I once tried to get the Maine Sports Hall of Fame to note some of these players, the lesser known like Bobo Ogden, Johnny Lanpher, Charlie Atwater or in the case I suggested to the Hall, Brewer’s Art Tapley. Tapley was a very capable catcher in the mould of Freddie Harlow and was a fixture in Eastern Maine League baseball for many seasons. His hard nosed play behind the plate gained him a reputation not always pleasant, but Art was a favorite for the Brewer Easterns or wherever he played. He was not, however, appreciated by the Hall of Fame.

One year, South Portland’s Wayne Roberts was the mainstay of Dexter’s pitching staff, and a post-season game was scheduled where George Washburn would pitch for a Bingham team against Roberts and Dexter. If my fading memory is active, I think Dexter lost the game, 3-2. But the big story was that a professional ballplayer, property of the New York Yankees, would pitch at rocky Crosby Park! That, my friends, was quite something to we innocents on the fringe, looking in!

Many years later, I wondered whatever happened to George Washburn and whether or not he was in fact a major league ball player.

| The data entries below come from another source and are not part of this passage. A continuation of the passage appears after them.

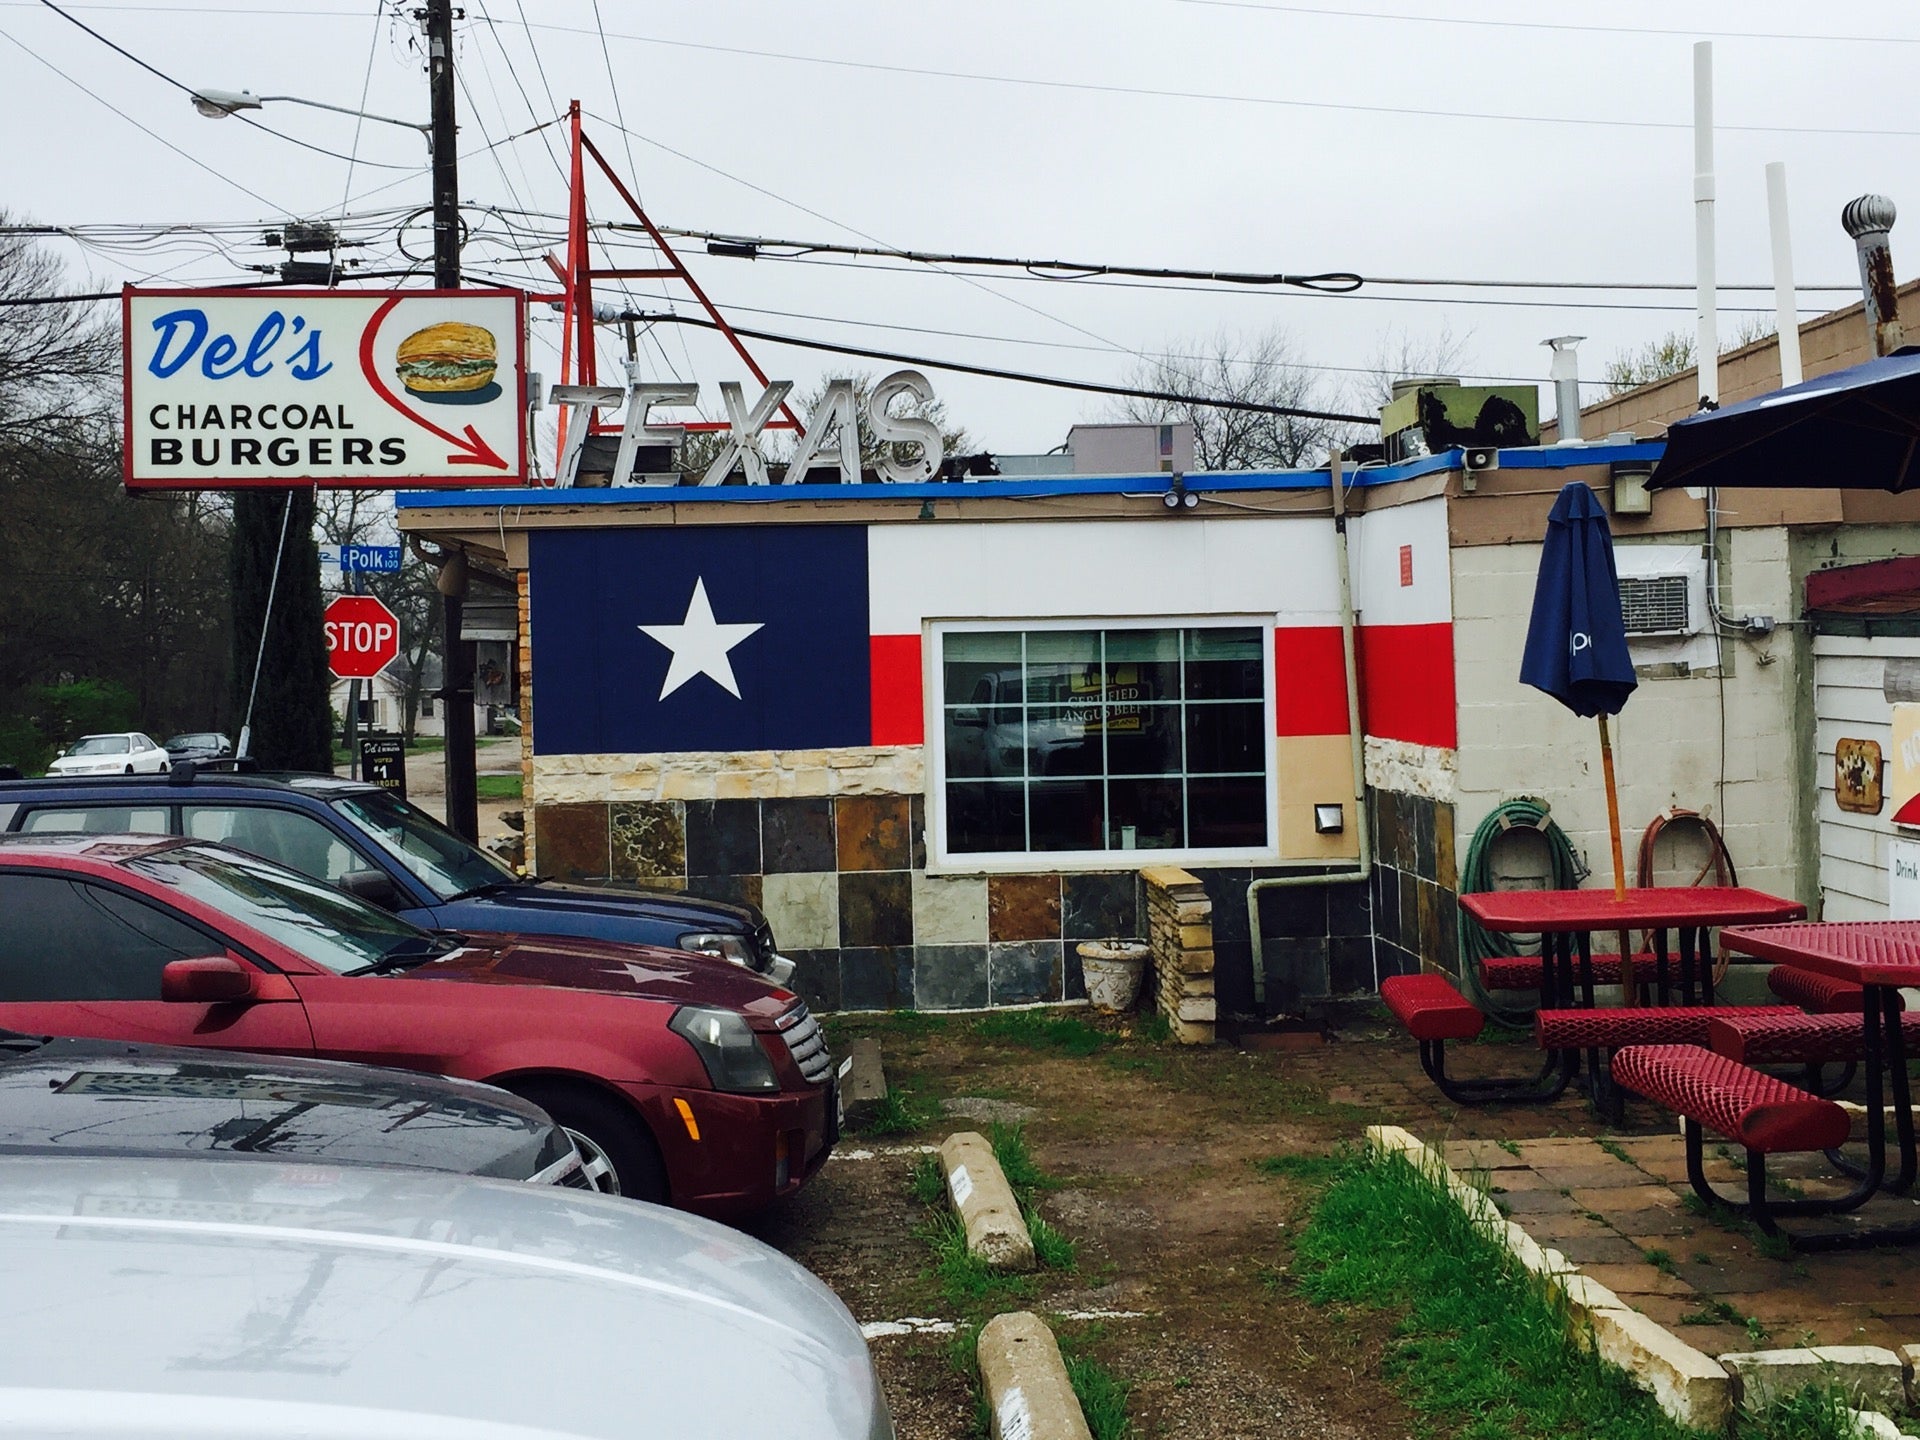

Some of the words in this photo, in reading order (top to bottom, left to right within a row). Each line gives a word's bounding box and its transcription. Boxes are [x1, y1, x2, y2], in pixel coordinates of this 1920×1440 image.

[148, 308, 334, 381] Del's
[149, 404, 354, 430] CHARCOAL
[549, 369, 943, 487] TEXAS
[150, 437, 407, 466] BURGERS
[349, 549, 383, 568] Polk
[388, 550, 399, 559] ST
[385, 560, 398, 568] 100
[323, 621, 392, 652] STOP
[1067, 688, 1139, 707] CERTFIED
[1063, 706, 1111, 721] ANGUS
[1114, 703, 1141, 716] BEEF
[1896, 859, 1919, 880] Drink

Diving into those meticulous and detailed records of Major League Baseball, I found that George Washburn did indeed have a big league career. On May 4, 1941, he was the starting pitcher for the Yankees in an American League game (opponent lost to records). He pitched two innings, gave up two hits, walked five and struck out one while giving up two earned runs. The lefty did not figure in the game’s decision and he appears nowhere else in baseball records.

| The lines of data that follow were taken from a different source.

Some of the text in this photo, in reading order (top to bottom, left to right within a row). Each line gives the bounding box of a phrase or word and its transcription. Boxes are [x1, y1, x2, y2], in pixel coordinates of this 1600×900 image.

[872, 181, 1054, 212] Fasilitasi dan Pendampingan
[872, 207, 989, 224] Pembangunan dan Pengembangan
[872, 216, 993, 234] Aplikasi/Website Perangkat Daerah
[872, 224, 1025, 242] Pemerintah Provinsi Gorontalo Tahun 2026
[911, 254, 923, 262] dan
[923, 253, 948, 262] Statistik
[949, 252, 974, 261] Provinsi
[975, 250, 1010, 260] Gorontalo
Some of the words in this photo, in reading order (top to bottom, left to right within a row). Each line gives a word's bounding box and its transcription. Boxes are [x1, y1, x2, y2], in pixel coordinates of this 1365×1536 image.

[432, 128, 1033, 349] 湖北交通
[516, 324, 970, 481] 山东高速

My first listening to baseball broadcasts came from the voice of Fred Hoy who announced the games all by himself and without an oppressive number of commercials. I gravitated to the Boston Braves for no particular reason and my favorite was Tony Cuccinello, second baseman of the Braves, only because he was an infielder.

Television attempted some bold strokes in covering baseball. Who can ever forget those gritty but very funny Narragansett beer commercials during early Red Sox telecasts? Less numerous and far more interesting than some of those blasting toward us now.

Fred Hoy, Jim Britt and Curt Gowdy had singular abilities and knew their subject. So do the many voices of announcers today but their presentations suffer from too much of a good thing. We have guests in the booth, roving reporters in the stands and a fetching young lady pitching commercials and/or something called “atmosphere.” It’s not the fault of game announcers; they are just caught up in a mad commercial rush. Speaking of commercials, NESN even flicks them into the middle of an at-bat, long a no-no in broadcasting. For broadcasters, I like the compelling knowledge and baseball savvy of Jon Miller and Joe Morgan. Old Town’s Gary Thorne does a neat job for ESPN in several sports.

And so, back to Hadlock Field. But Charlie Kilbride, a friendly presence there, will not be with us this season.

A few years ago, when my wife suffered a broken wrist from being struck by a foul ball, Charlie was the first to reach her, even ahead of emergency personnel. A caring action by a caring person.

We’ll miss you, Charlie.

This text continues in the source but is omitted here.